A woman says her ovarian cancer was caused by her years of daily use of Johnson and Johnson products. The products allegedly contained talc powder, a known carcinogen.
Lynne Cebulske filed a lawsuit May 14 in the St. Clair County Circuit Court against Johnson and Johnson, Johnson and Johnson Consumer Companies, Imerys Talc America and Personal Care Products Council.
Cebulske claims she has been using Johnson’s Baby Powder and Shower to Shower since 1992 as a form of feminine hygiene. However, she did not know that the products could cause the ovarian cancer with which she was diagnosed with May 14, 2012, according to the complaint.
The products contain a talc powder that is a known carcinogen, the suit claims. The first evidence of the link between cancer and the powder was discovered in a 1971 study. A subsequent 1982 study found a 92 percent increased risk in ovarian cancer with women who reported genital talc use, the complaint says.
The study’s author later met with a Johnson and Johnson representative, advising the company to place a warning label on its talcum powders about the risks of ovarian cancer, according to the complaint. Since then, the company has received other advice to cease the use of talc in its products, but has refused to do so, the suit states.
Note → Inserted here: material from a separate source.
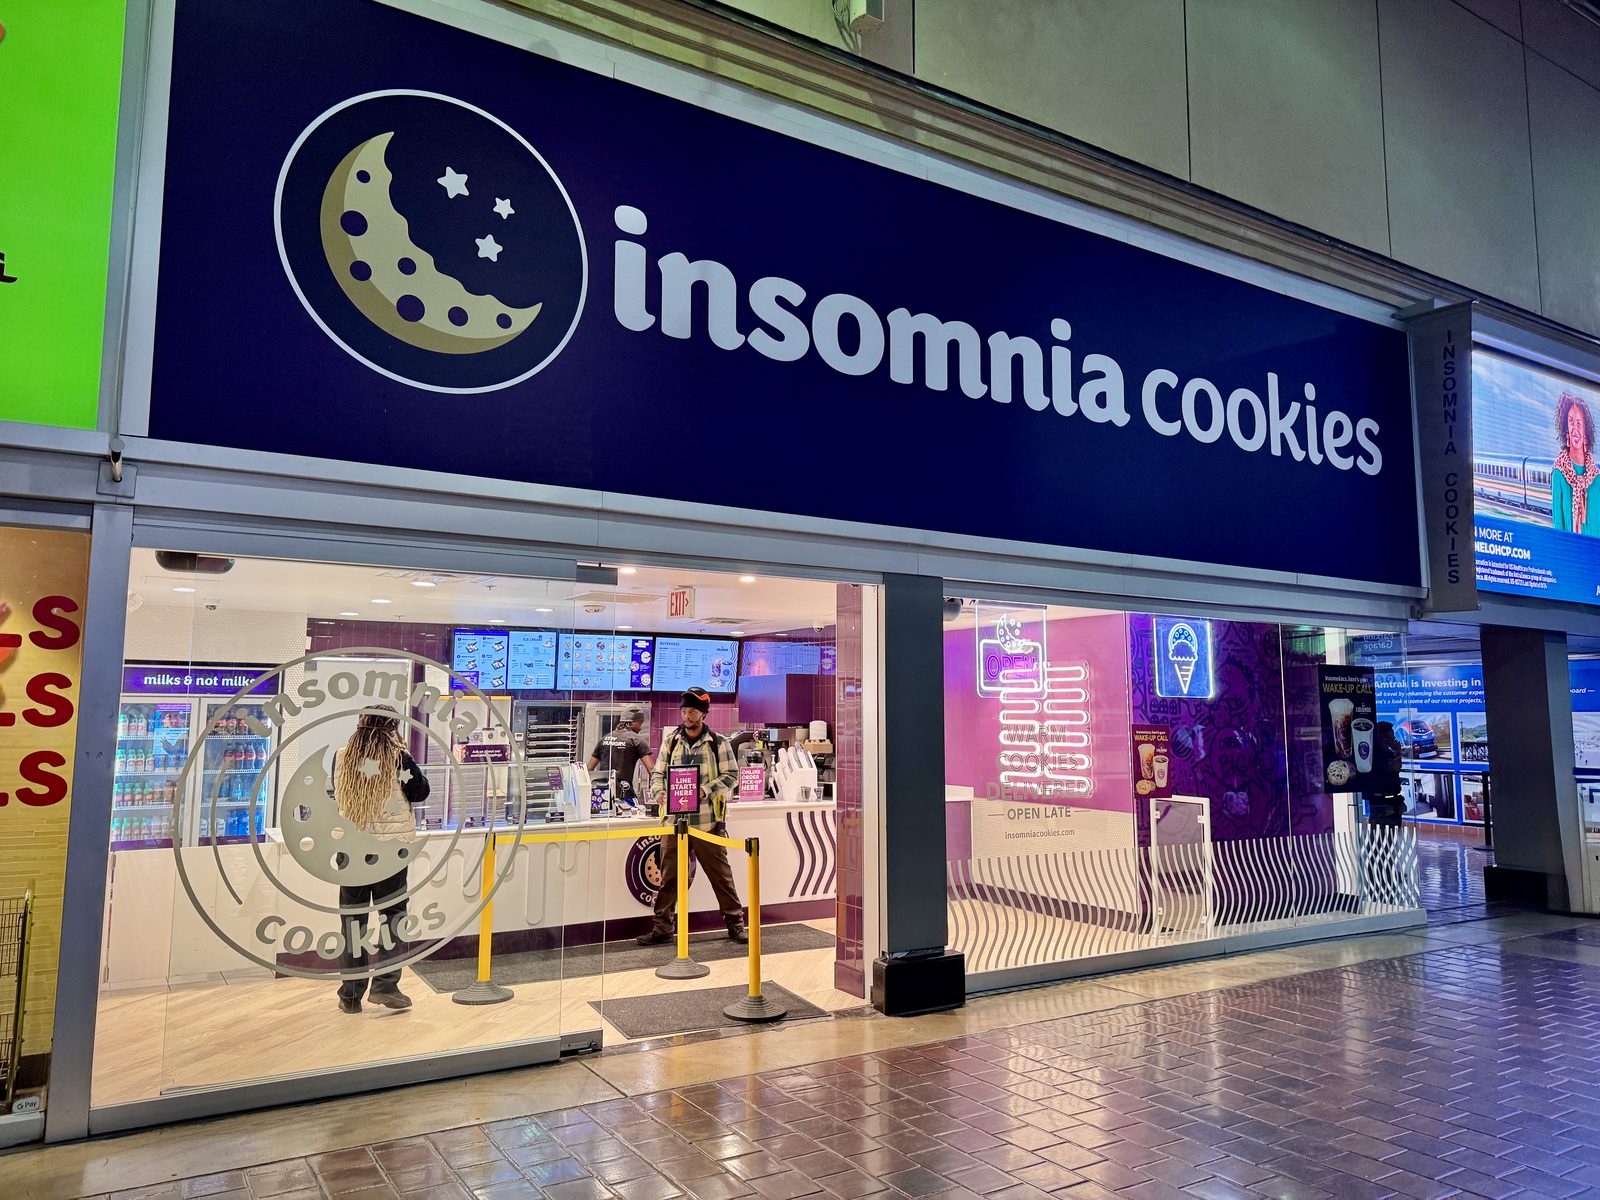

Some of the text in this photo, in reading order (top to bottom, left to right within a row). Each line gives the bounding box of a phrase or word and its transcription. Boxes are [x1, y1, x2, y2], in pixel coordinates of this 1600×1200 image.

Cebulske contends she never would have used the products had she known the dangers associated with them.
Because of her ovarian cancer, Cebulske incurred medical costs, lost wages and experienced pain and suffering, the complaint says.
She alleges failure to warn, negligence, breach of express warranty, breach of implied warranty and civil conspiracy against the defendants.
The plaintiff is seeking a judgment of more than $350,000, plus costs and other relief the court deems just.
She is being represented by James G. Onder, Mark R. Niemeyer, Michael S. Kruse and Stephanie L. Rados of Onder, Shelton, O’Leary and Peterson in St. Louis.
St. Clair County Circuit Court case number 14-L-331.